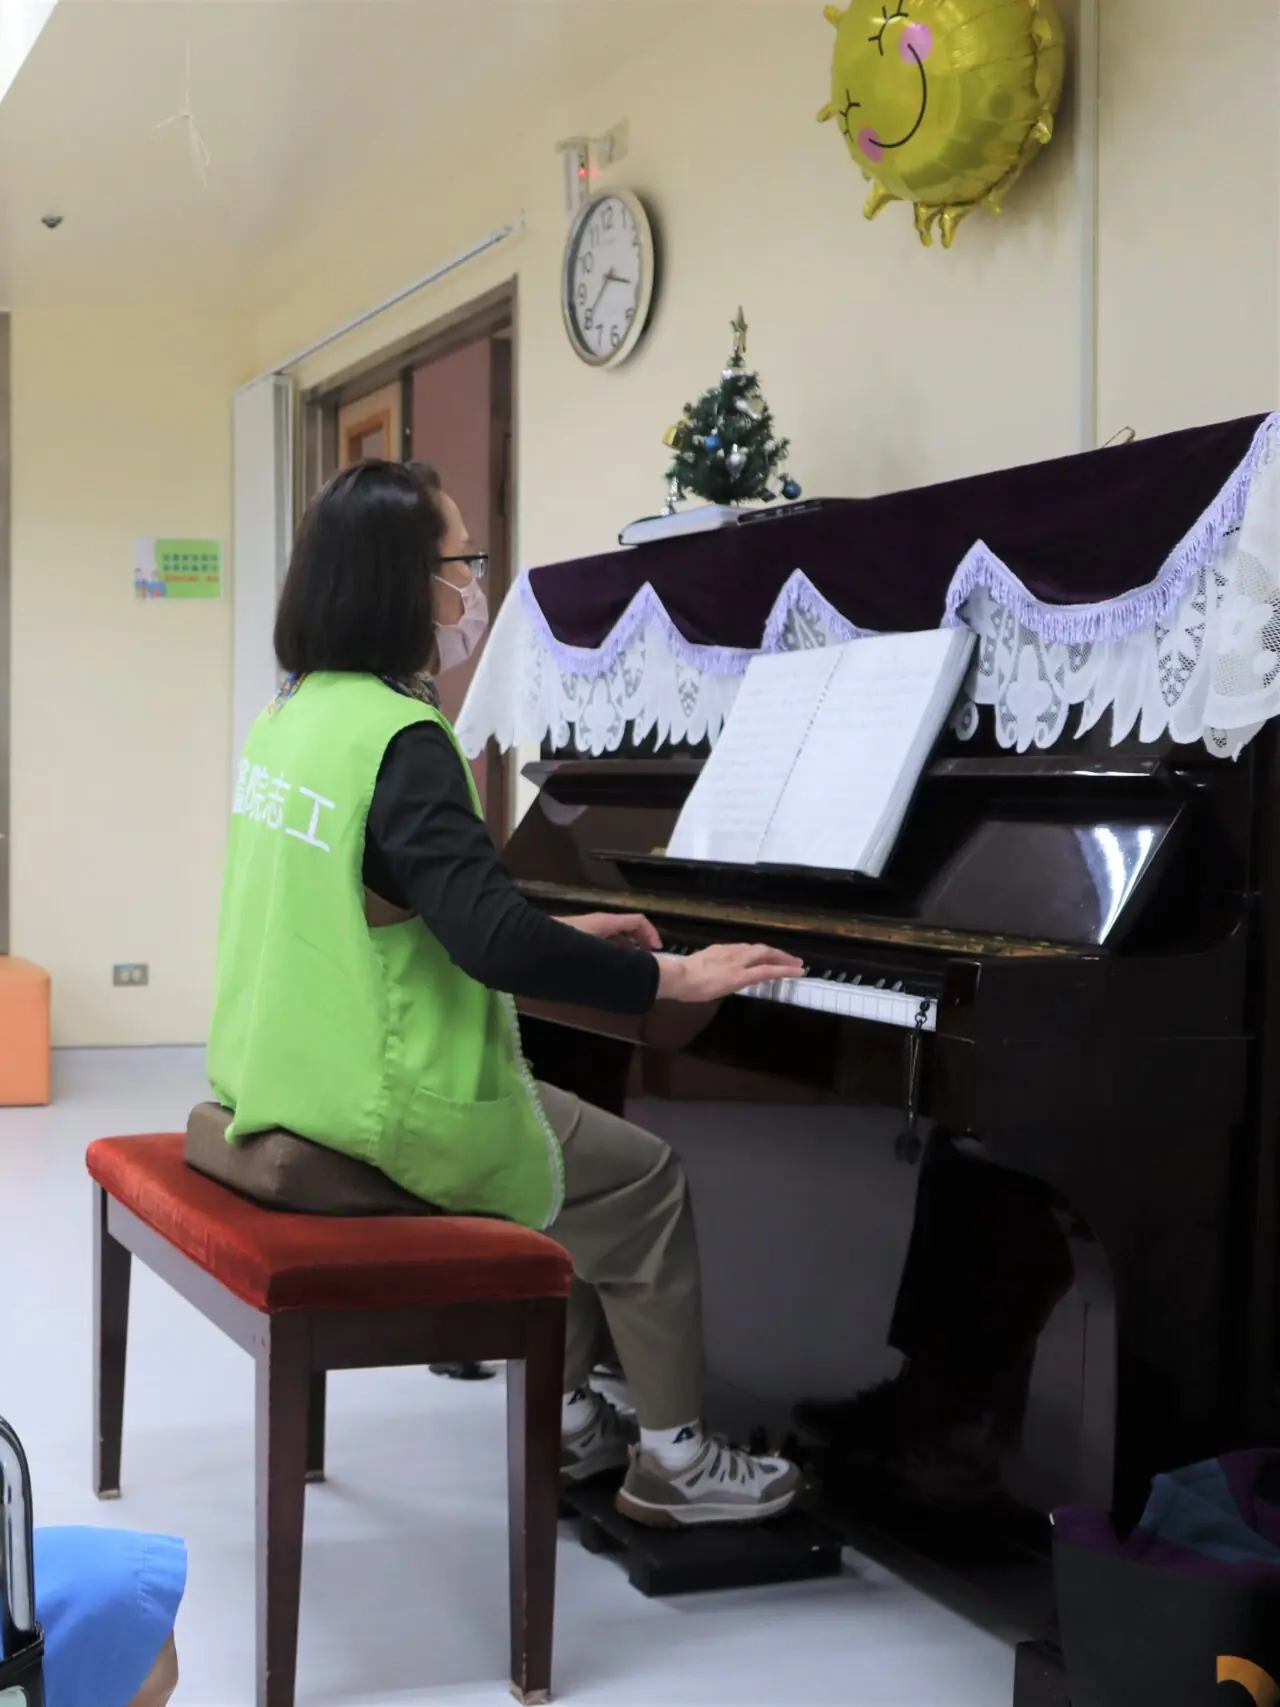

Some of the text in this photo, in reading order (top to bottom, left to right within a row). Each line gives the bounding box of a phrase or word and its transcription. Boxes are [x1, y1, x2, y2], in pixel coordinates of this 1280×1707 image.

[600, 204, 615, 233] 12
[588, 223, 600, 250] 11
[579, 250, 594, 277] 10
[577, 282, 587, 307] 9
[584, 307, 594, 331] 8
[594, 322, 604, 349] 7
[609, 323, 621, 348] 6

Prompt: Wherever an image appears, omit it, and retype everything else in the entries exactly.

Solution for this exercise:
Some of the text in this photo, in reading order (top to bottom, left to right within a row). Each line gives the bounding box of a phrase or word and its transcription. Boxes are [x1, y1, x2, y2], in pixel coordinates of this 1280×1707 image.

[600, 204, 615, 233] 12
[588, 223, 600, 250] 11
[579, 250, 594, 277] 10
[577, 282, 587, 307] 9
[584, 307, 594, 331] 8
[594, 322, 604, 349] 7
[609, 323, 621, 348] 6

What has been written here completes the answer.